Images for object localization:
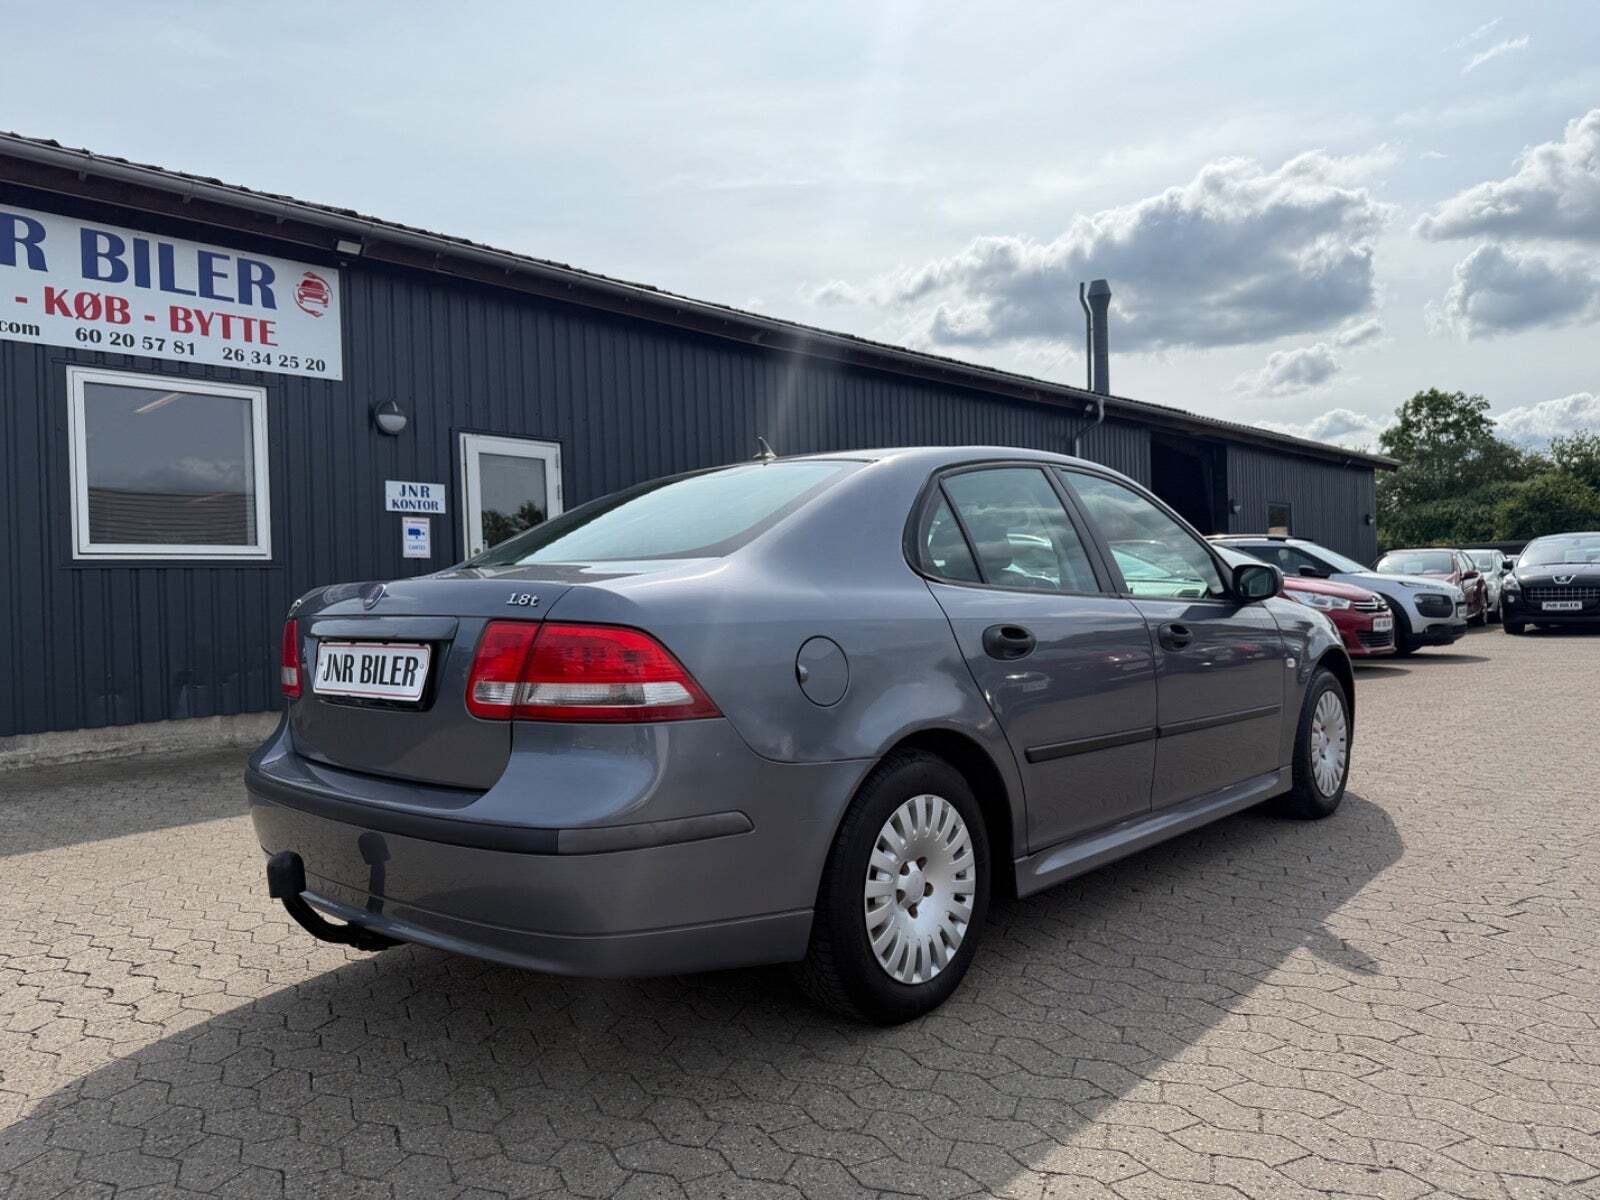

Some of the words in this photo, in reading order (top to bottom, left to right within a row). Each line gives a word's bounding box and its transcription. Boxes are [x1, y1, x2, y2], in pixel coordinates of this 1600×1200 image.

[0, 211, 48, 272] R
[80, 227, 278, 310] BILER
[44, 286, 132, 325] KØB
[169, 305, 279, 347] BYTTE
[75, 327, 102, 344] 60
[109, 331, 135, 348] 20
[142, 336, 166, 352] 57
[173, 340, 196, 356] 81
[222, 347, 245, 362] 26
[251, 350, 272, 365] 34
[278, 354, 300, 369] 25
[305, 358, 326, 372] 20
[392, 499, 439, 511] KONTOR
[399, 484, 430, 498] JNR
[323, 653, 355, 683] JNR
[359, 654, 419, 687] BILER
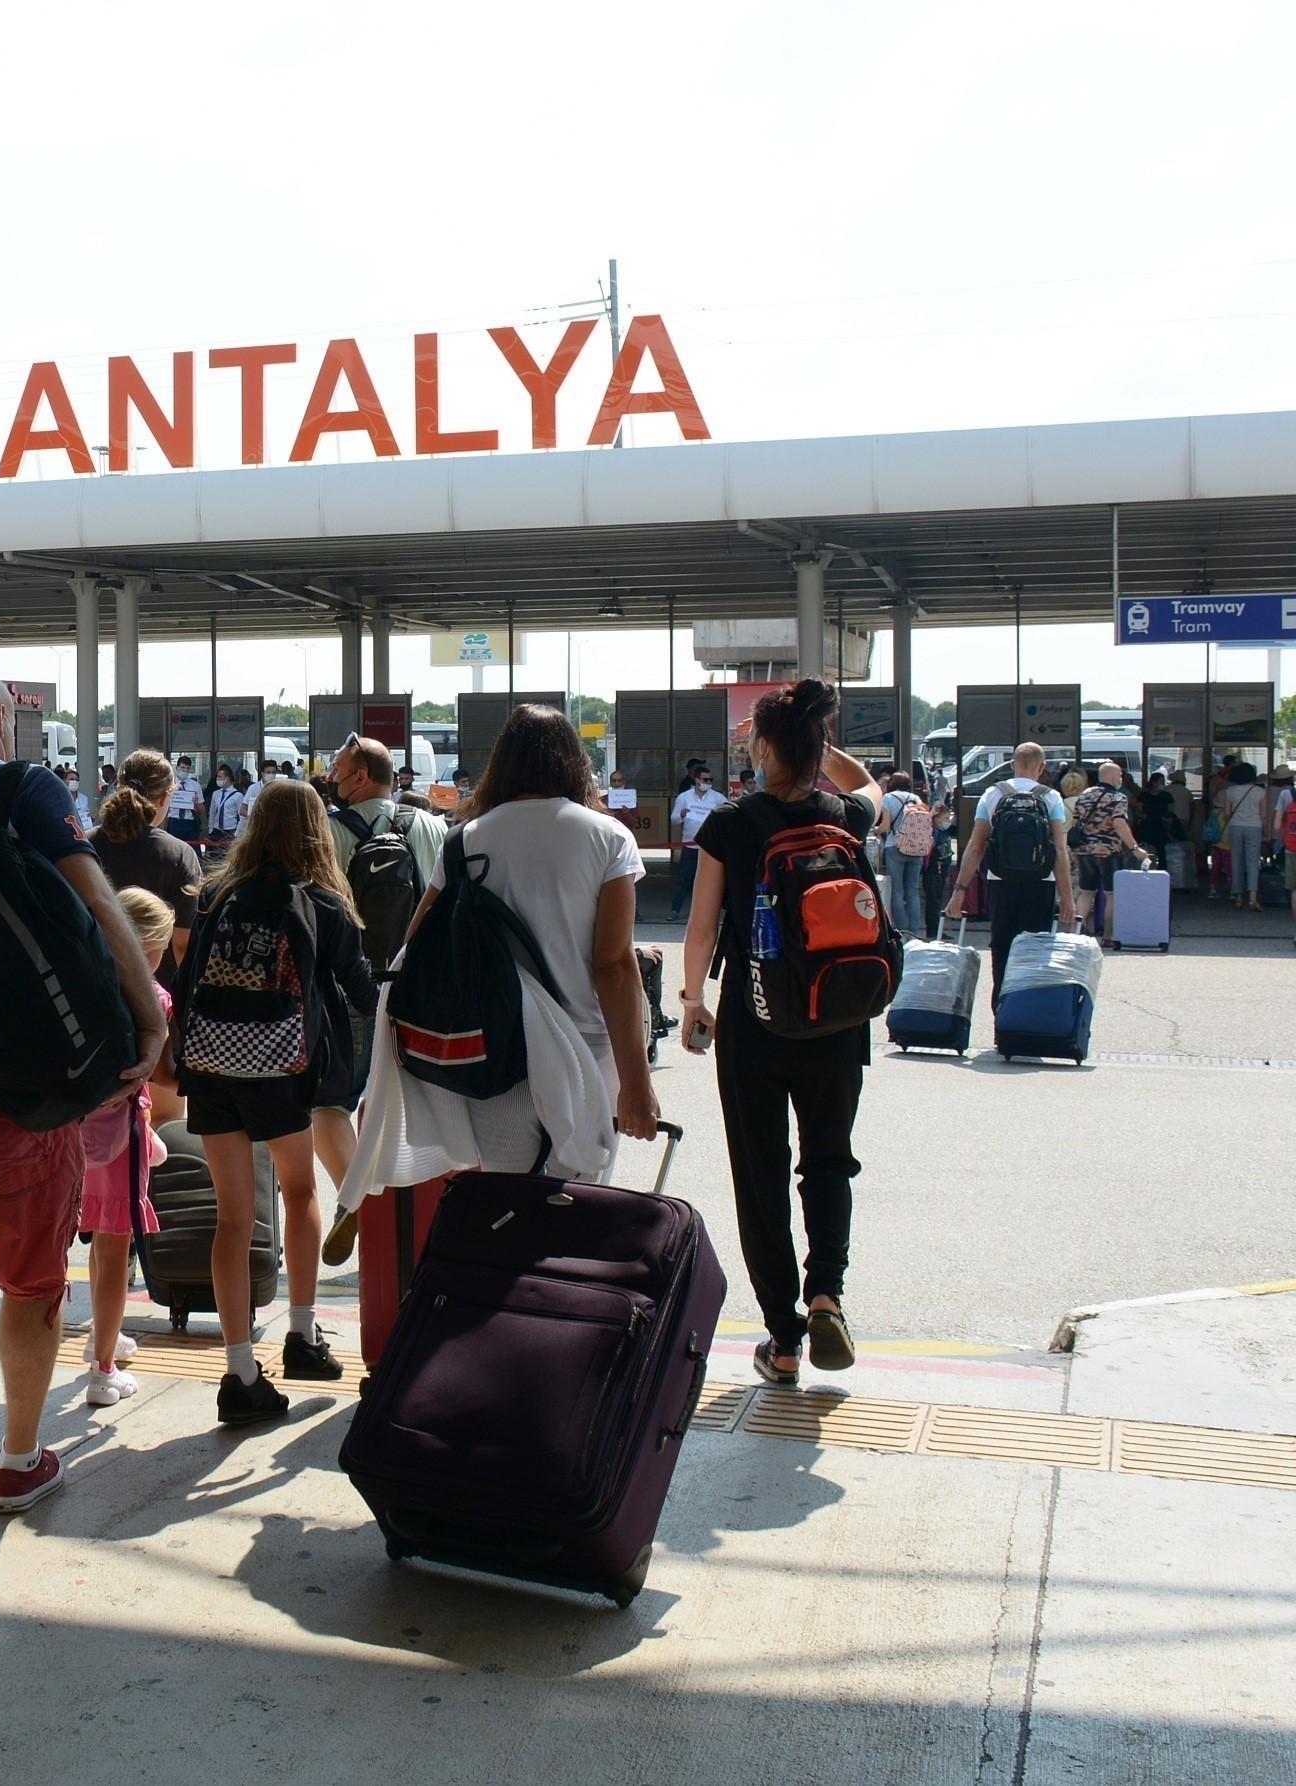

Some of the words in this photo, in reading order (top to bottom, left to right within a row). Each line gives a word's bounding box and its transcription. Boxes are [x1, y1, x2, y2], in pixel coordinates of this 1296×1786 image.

[1171, 601, 1246, 616] Tramvay
[1171, 619, 1211, 633] Tram
[750, 960, 772, 1021] ROSSI
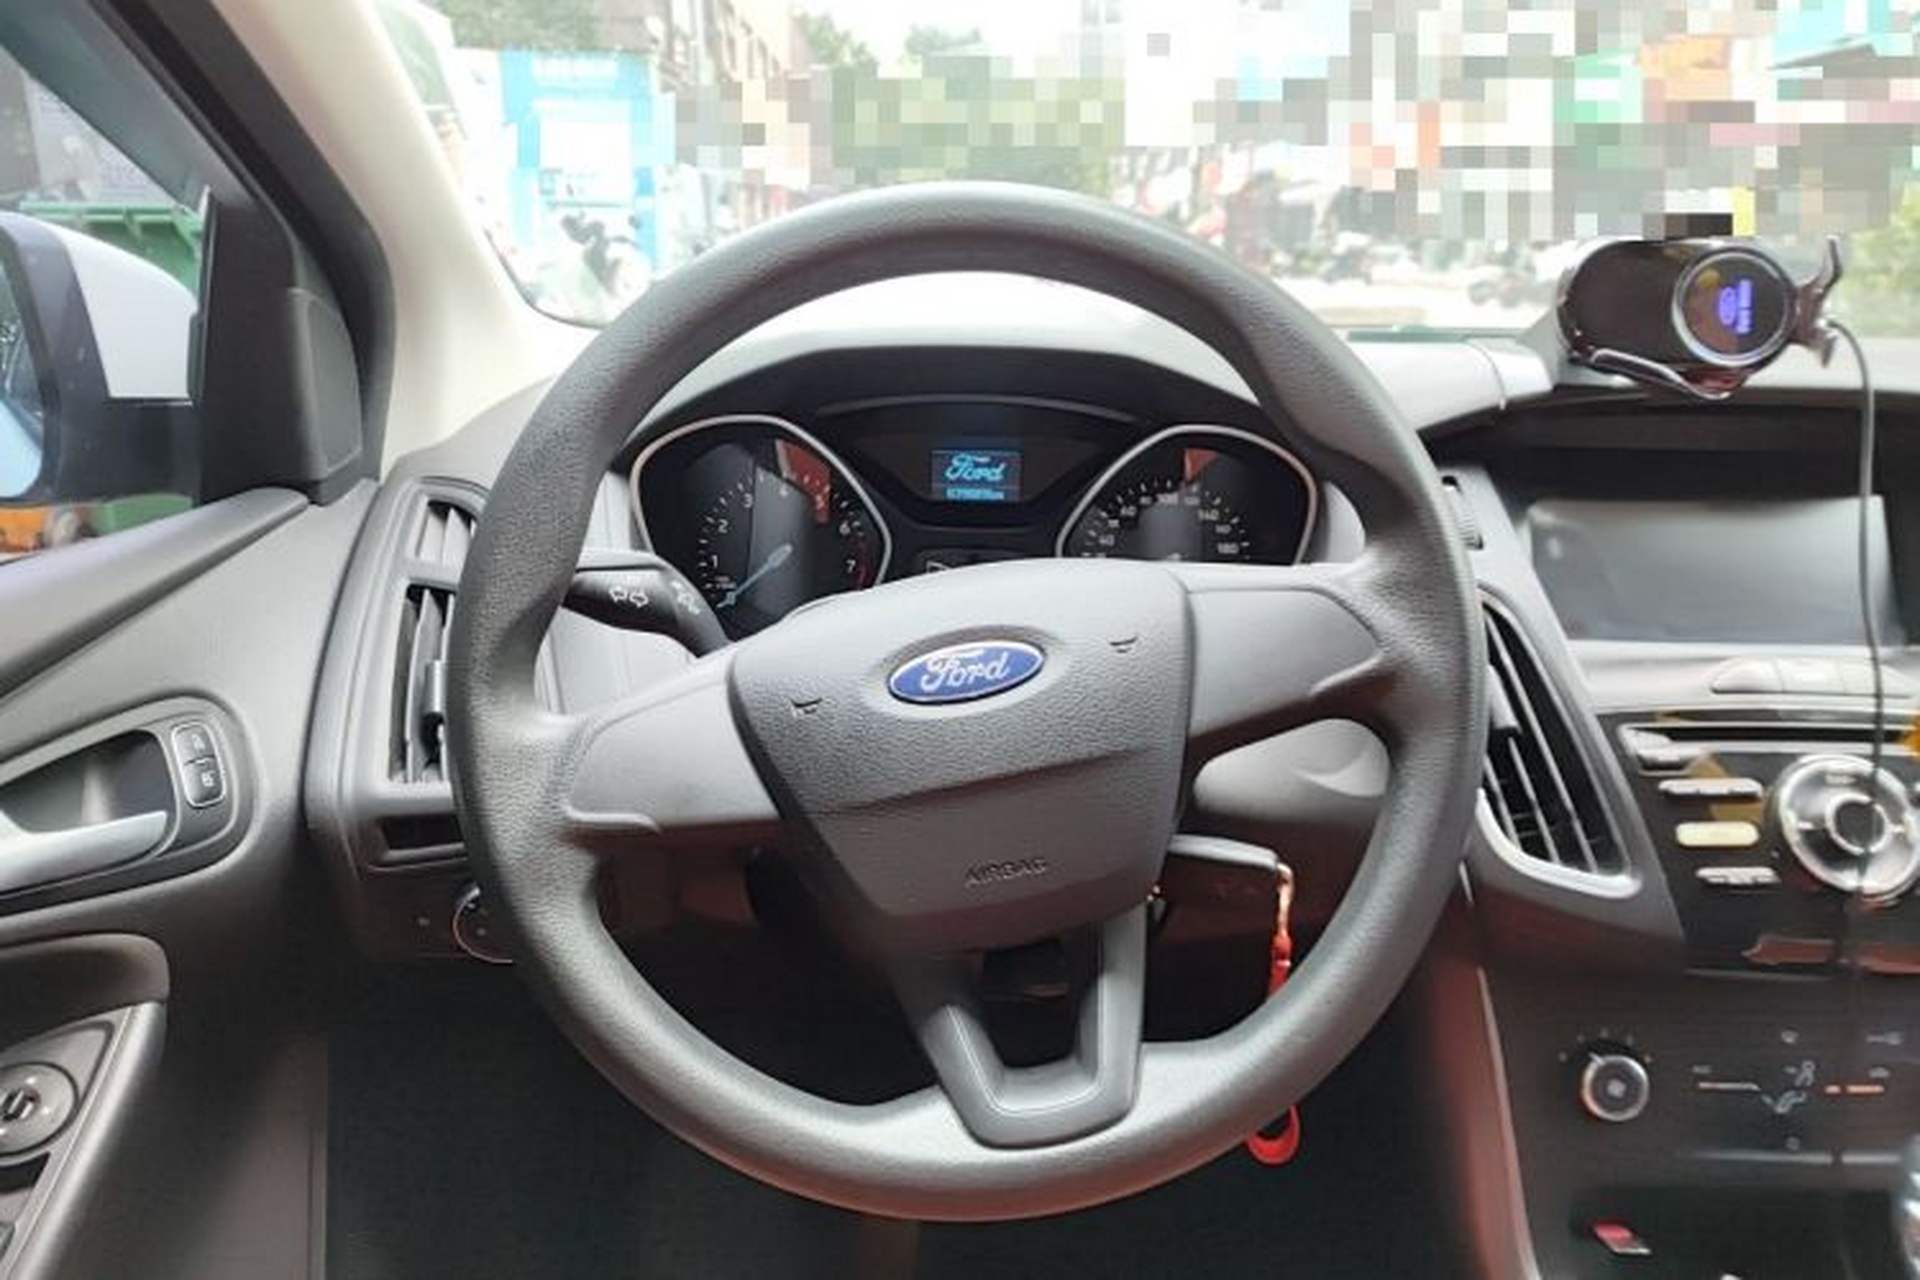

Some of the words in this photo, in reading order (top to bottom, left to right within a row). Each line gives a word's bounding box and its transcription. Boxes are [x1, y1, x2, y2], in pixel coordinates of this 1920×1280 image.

[944, 454, 1006, 480] Ford
[743, 492, 753, 508] 3
[717, 518, 728, 534] 2
[839, 521, 851, 535] 6
[711, 554, 719, 568] 1
[846, 559, 857, 573] 7
[920, 649, 1010, 693] Ford
[964, 858, 1048, 889] AIRBAG

WHAT YOU WILL DO:
Return every line from the one holding "this 1920×1280 image." through the end of the data, exactly as it appears, with both ends kept and nothing else.

ANSWER TO THE PROBLEM:
Some of the words in this photo, in reading order (top to bottom, left to right within a row). Each line gives a word's bounding box and its transcription. Boxes are [x1, y1, x2, y2], in pixel coordinates of this 1920×1280 image.

[944, 454, 1006, 480] Ford
[743, 492, 753, 508] 3
[717, 518, 728, 534] 2
[839, 521, 851, 535] 6
[711, 554, 719, 568] 1
[846, 559, 857, 573] 7
[920, 649, 1010, 693] Ford
[964, 858, 1048, 889] AIRBAG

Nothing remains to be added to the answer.